Identical twins in Washington State will not share the same birthdate. In an unusual turn of events, the boys will instead be born approximately four months apart. Nick and Holli Gorveatt’s first twin, named Link, was born at the end of September. He delivered at only 23 weeks into the pregnancy, and according to reports is so tiny and fragile that his own parents are not allowed to hold him yet.
Holli described the experience as surreal.
Link was delivered after the twins showed signs of an in-utero condition known as “twin to twin” syndrome. What that means is one twin draws blood from the other while they are in-utero. This is dangerous for both twins—one becomes bloated and the other is extremely weakened from lack of proper blood supply.
It is an extremely rare syndrome, but is fatal in 90 percent of cases. According to a doctor at the Evergreen Health Medical Center where Holli was treated, the twins were putting too much pressure on her cervix and the amniotic sac couldn’t be contained by it.
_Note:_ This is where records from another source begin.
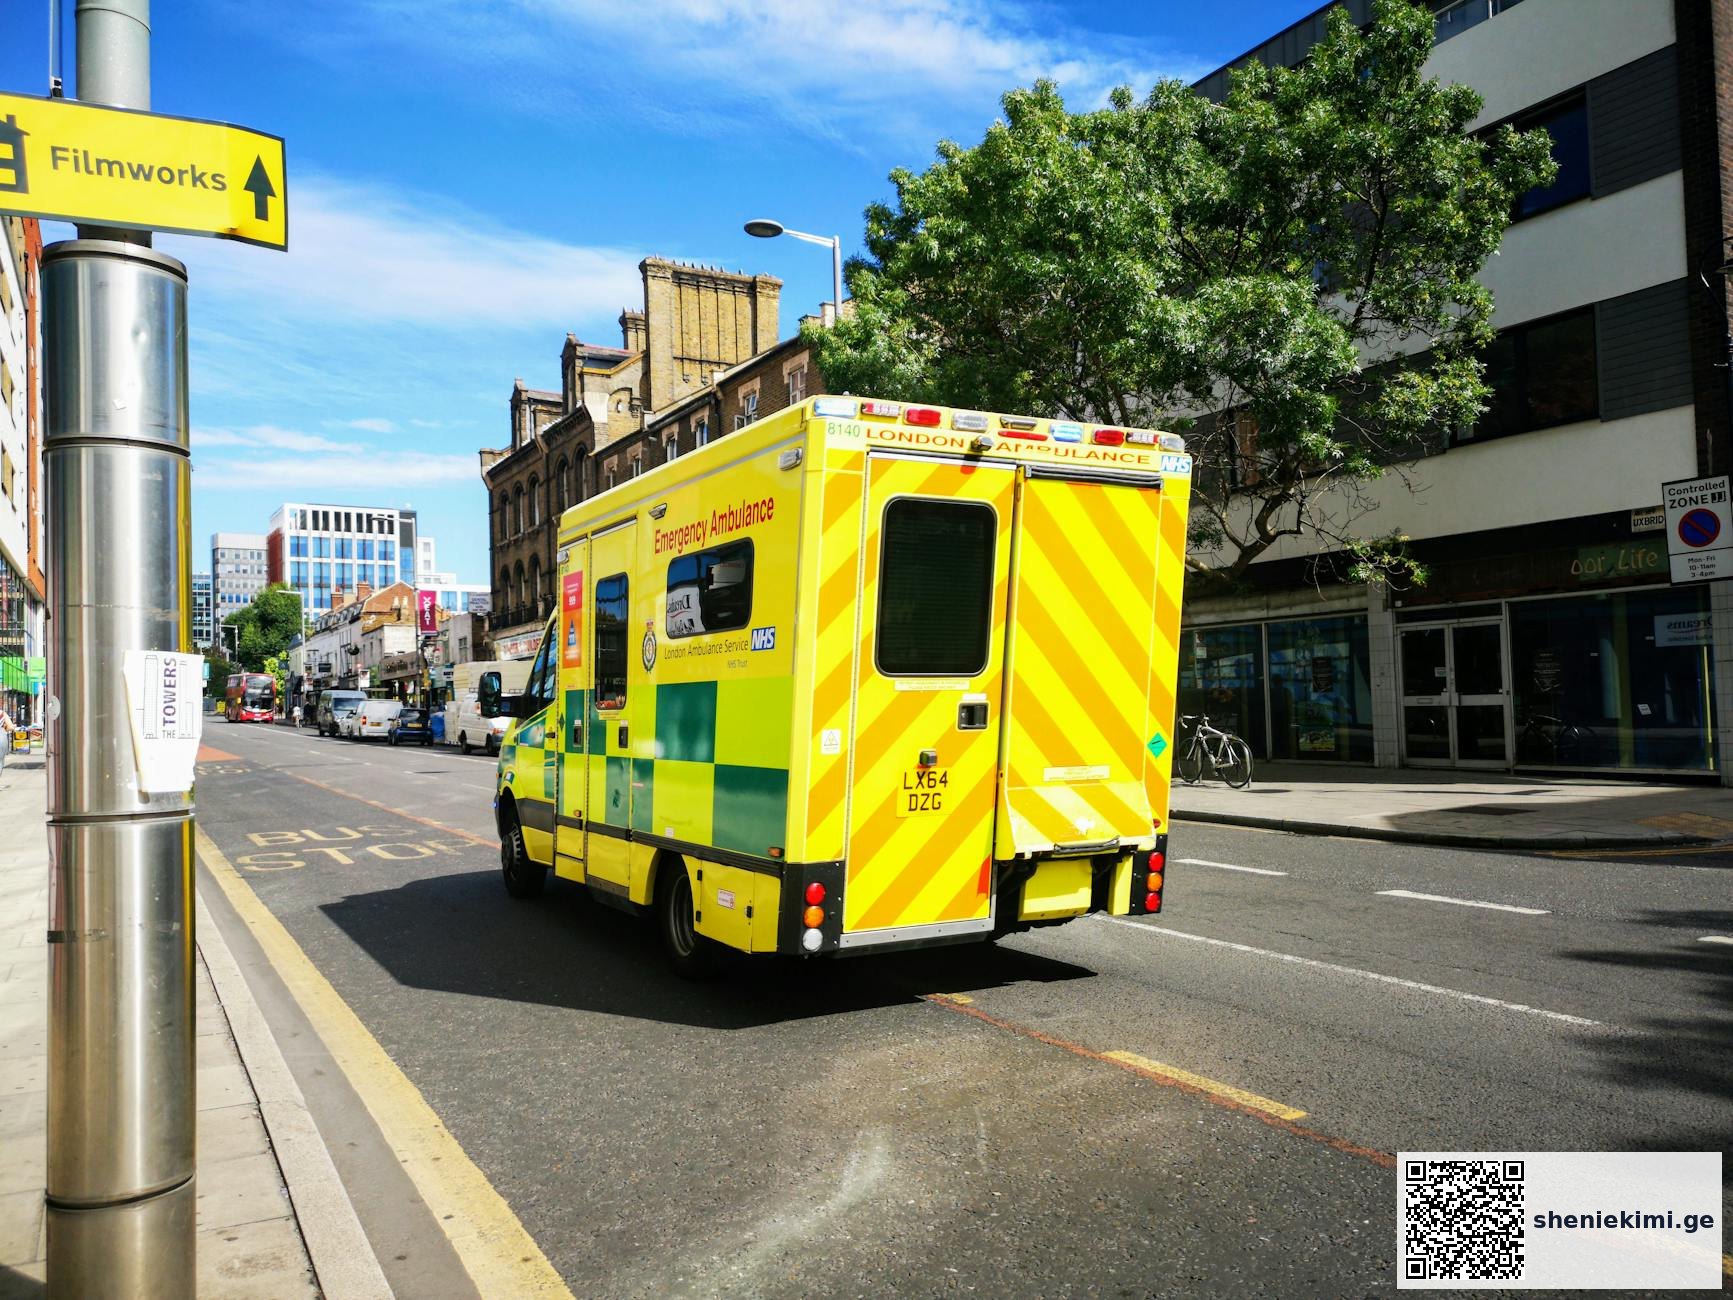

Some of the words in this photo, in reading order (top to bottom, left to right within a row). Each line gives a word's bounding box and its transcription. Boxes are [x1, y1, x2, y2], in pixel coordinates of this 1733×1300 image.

[51, 145, 228, 191] Filmworks
[828, 422, 861, 437] 8140
[866, 428, 964, 448] LONDON
[1161, 455, 1192, 473] NHS
[1668, 480, 1726, 496] Controlled
[1669, 494, 1709, 509] ZONE
[655, 520, 707, 554] Emergency
[710, 497, 774, 538] Ambulance
[1633, 515, 1664, 527] UXBRID
[752, 628, 775, 650] NHS
[664, 648, 686, 660] London
[688, 644, 722, 657] Ambulance
[725, 640, 749, 653] Service
[163, 657, 177, 727] TOWERS
[162, 729, 176, 739] THE
[903, 770, 949, 790] LX64
[908, 792, 942, 812] DZG
[247, 825, 417, 847] BUS
[236, 839, 477, 871] STOP
As a result, they were forced to perform an emergency delivery to save Link’s life, and the life of his twin who will hopefully be able to stay in the womb to full term. The medical team had to manually stop Holli from delivering the second baby by closing her cervix for her.
At 23 weeks, Link has to be sustained inside an incubator in the medical center’s NICU, and has to eat with specialized tools. He faces tough odds at normal development.
It is expected that Holli will remain hospitalized until her second delivery.